Question

the table shows the battery lives, in hours, of ten brand a batteries and ten brand b batteries. battery life (hours) brand a 22.5 17.0 21.0 23.0 22.0 18.5 22.5 20.0 19.0 23.0 brand b 20.0 19.5 20.5 16.5 14.0 17.0 11.0 19.5 21.0 12.0 which would be the best measure of variability to use to compare the data? only brand a data is symmetric, so standard deviation is the best measure to compare variability. only brand b data is symmetric, so the median is the best measure to compare variability. both distributions are symmetric, so the mean is the best measure to compare variability. both distributions are skewed left, so the interquartile range is the best measure to compare variability.

Explanation:

Step1: Check data symmetry

By looking at the data values of Brand A and Brand B, we can see that neither distribution is symmetric. Brand A values range from 17.0 - 23.0 and Brand B from 11.0 - 21.0 in a non - symmetric way.

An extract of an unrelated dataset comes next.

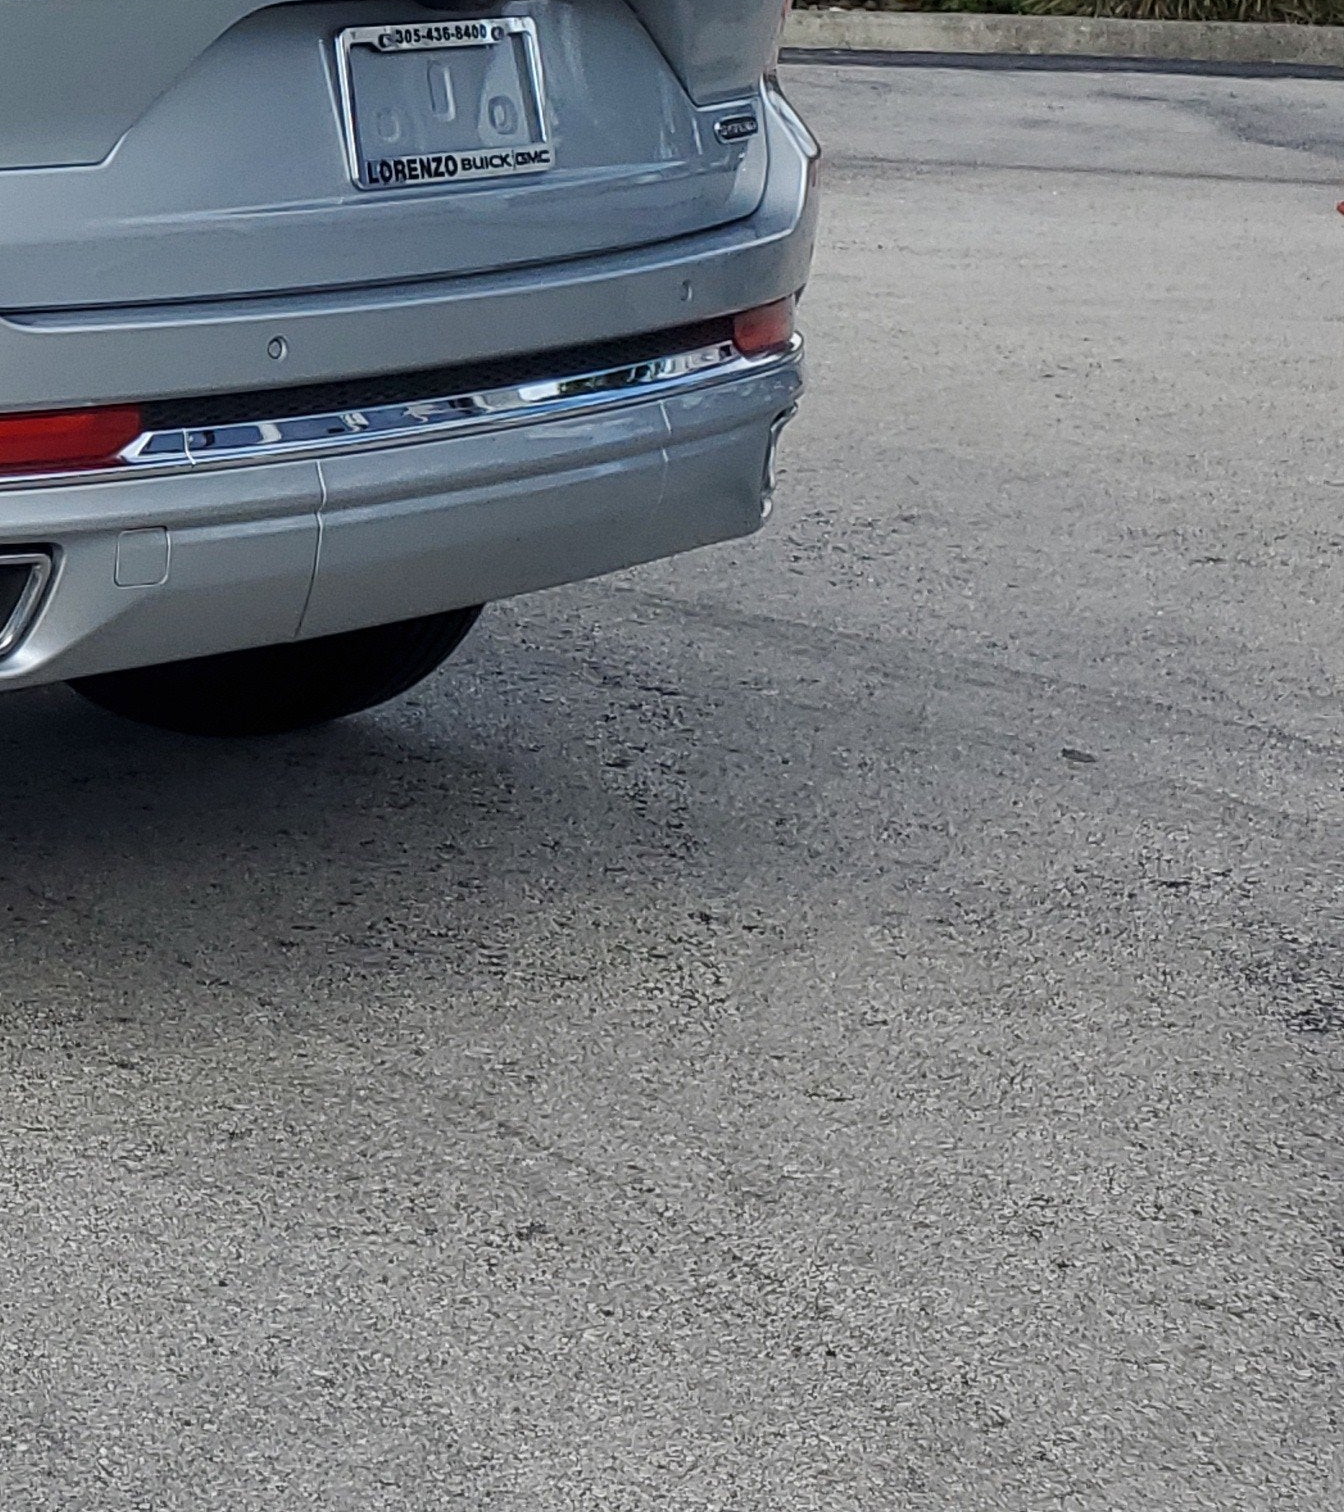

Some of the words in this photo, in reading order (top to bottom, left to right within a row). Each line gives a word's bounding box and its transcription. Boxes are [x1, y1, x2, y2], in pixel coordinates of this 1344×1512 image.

[395, 24, 487, 44] 305-436-8400
[367, 155, 458, 185] LORENZO
[461, 154, 512, 172] BUICK
[514, 149, 551, 167] GMC

Step2: Recall measure of variability for skewed data

For skewed data distributions, the interquartile range (IQR) is a better measure of variability than the standard deviation (which is for symmetric data), and the mean and median are measures of central tendency not variability. Since both distributions seem to be skewed (Brand B has lower values pulling it left - skewed), the IQR is the best measure to compare variability.

Answer:

Both distributions are skewed left, so the interquartile range is the best measure to compare variability.